I did not climb upstairs again until eleven o’clock, by which time I imagined everyone would be in bed. I had been able to make out some of the sounds coming from above and it was clear to me that there had been no formal dinner party that night. The lights were out. There was nobody in sight. I went straight into Sharkovsky’s study. I was concerned that the Dalmatian might be there but thought it would remember me and probably wouldn’t bark. In fact, there was no sign of it. Perhaps Sharkovsky had got rid of it. There was a fire burning low in the hearth and the glow guided me across the room as I approached the desk. I was looking for something and found it in the bottom drawer. Now all that remained was to climb upstairs to the bedroom at the end of the corridor where Sharkovsky slept.

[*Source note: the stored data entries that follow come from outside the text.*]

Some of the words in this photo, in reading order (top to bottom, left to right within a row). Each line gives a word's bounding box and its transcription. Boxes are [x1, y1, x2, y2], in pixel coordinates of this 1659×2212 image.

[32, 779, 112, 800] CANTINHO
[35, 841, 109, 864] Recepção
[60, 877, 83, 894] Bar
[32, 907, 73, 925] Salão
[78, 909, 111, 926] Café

But as it turned out, it was not necessary. To my surprise, the door opened and the lights in the room were turned on. It was Sharkovsky, on his own. He did not see me. I was hidden behind the desk but I watched as he closed the door and, with difficulty, manoeuvred himself into the room.

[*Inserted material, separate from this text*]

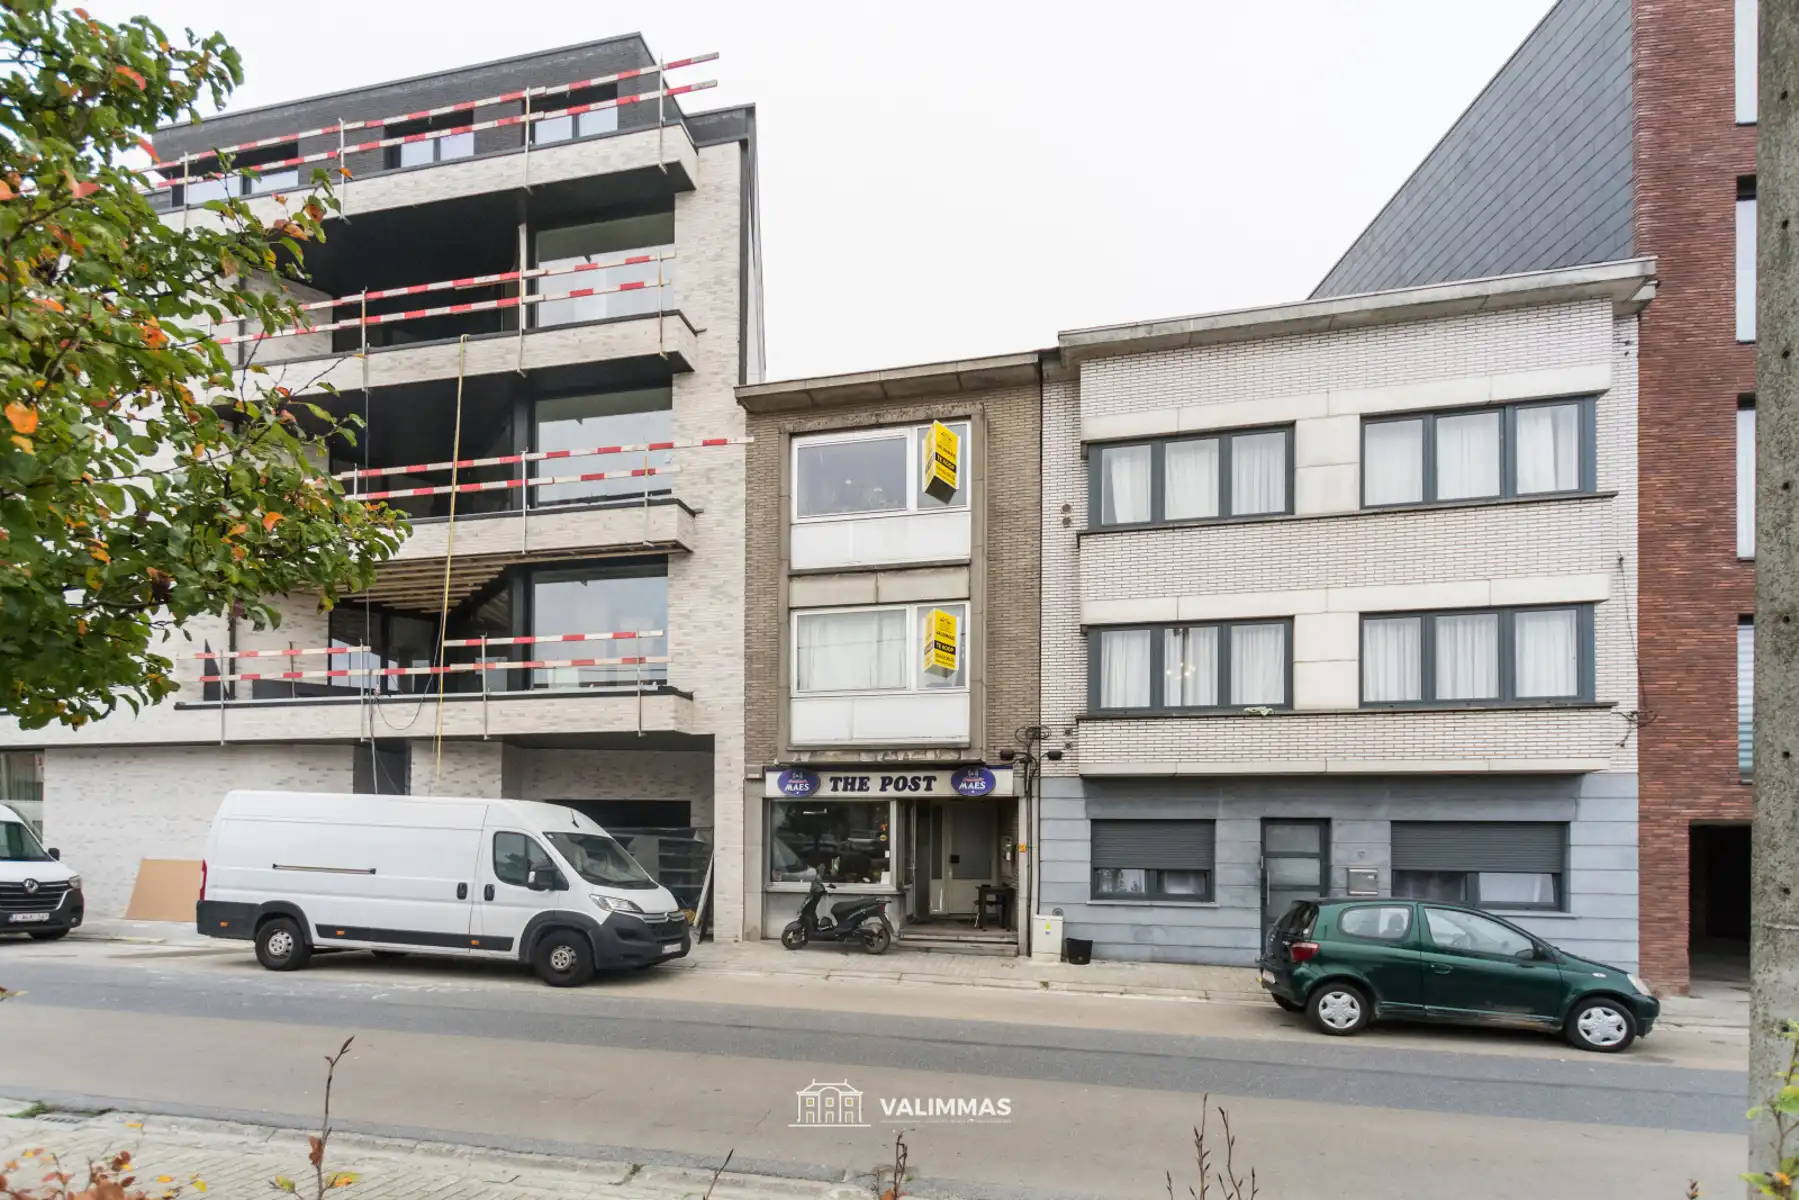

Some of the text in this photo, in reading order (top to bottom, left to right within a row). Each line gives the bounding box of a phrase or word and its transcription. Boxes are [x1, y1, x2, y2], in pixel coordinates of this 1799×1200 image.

[785, 783, 810, 792] MAES
[829, 776, 937, 792] THE POST
[958, 781, 986, 790] MAES

He was no longer walking. He was in a wheelchair, dressed in a silk dressing gown and pyjamas. Either he was now sleeping downstairs or he had built himself a lift. He was more gaunt than I remembered. His head was still shaved, his eyes dark and vengeful but now they seemed to sparkle with the memory of pain. His mouth was twisted downwards in a permanent grimace and his skin was grey, stretched over the bones of his face. Even the colours of his tattoo seemed to have faded. I could just make out the eagle’s wings on his chest beneath his pyjama top. Every movement was difficult for him. I guessed that he had indeed broken his neck when he had fallen. And although the bullets had not killed him, they had done catastrophic harm, leaving him a wreck.
The door was shut. We were alone. I had quickly taken out a pair of wire cutters and used them but now I stood up, revealing myself. I was holding the gun, the revolver that he had handed to me the first time I had come to this room. In my other hand, there was a box of bullets.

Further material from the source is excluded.